Free-text object descriptions
↓

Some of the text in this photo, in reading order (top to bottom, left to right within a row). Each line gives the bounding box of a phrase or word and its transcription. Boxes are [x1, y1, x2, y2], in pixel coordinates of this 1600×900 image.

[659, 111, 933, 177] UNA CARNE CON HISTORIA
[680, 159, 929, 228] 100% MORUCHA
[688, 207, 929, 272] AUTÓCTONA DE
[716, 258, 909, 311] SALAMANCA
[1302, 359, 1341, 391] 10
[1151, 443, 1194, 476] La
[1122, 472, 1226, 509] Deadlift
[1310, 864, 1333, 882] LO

↑

**Activity:**
Output each line of the entries exactly, so that nothing is lost.

**Completed task:**
Some of the text in this photo, in reading order (top to bottom, left to right within a row). Each line gives the bounding box of a phrase or word and its transcription. Boxes are [x1, y1, x2, y2], in pixel coordinates of this 1600×900 image.

[659, 111, 933, 177] UNA CARNE CON HISTORIA
[680, 159, 929, 228] 100% MORUCHA
[688, 207, 929, 272] AUTÓCTONA DE
[716, 258, 909, 311] SALAMANCA
[1302, 359, 1341, 391] 10
[1151, 443, 1194, 476] La
[1122, 472, 1226, 509] Deadlift
[1310, 864, 1333, 882] LO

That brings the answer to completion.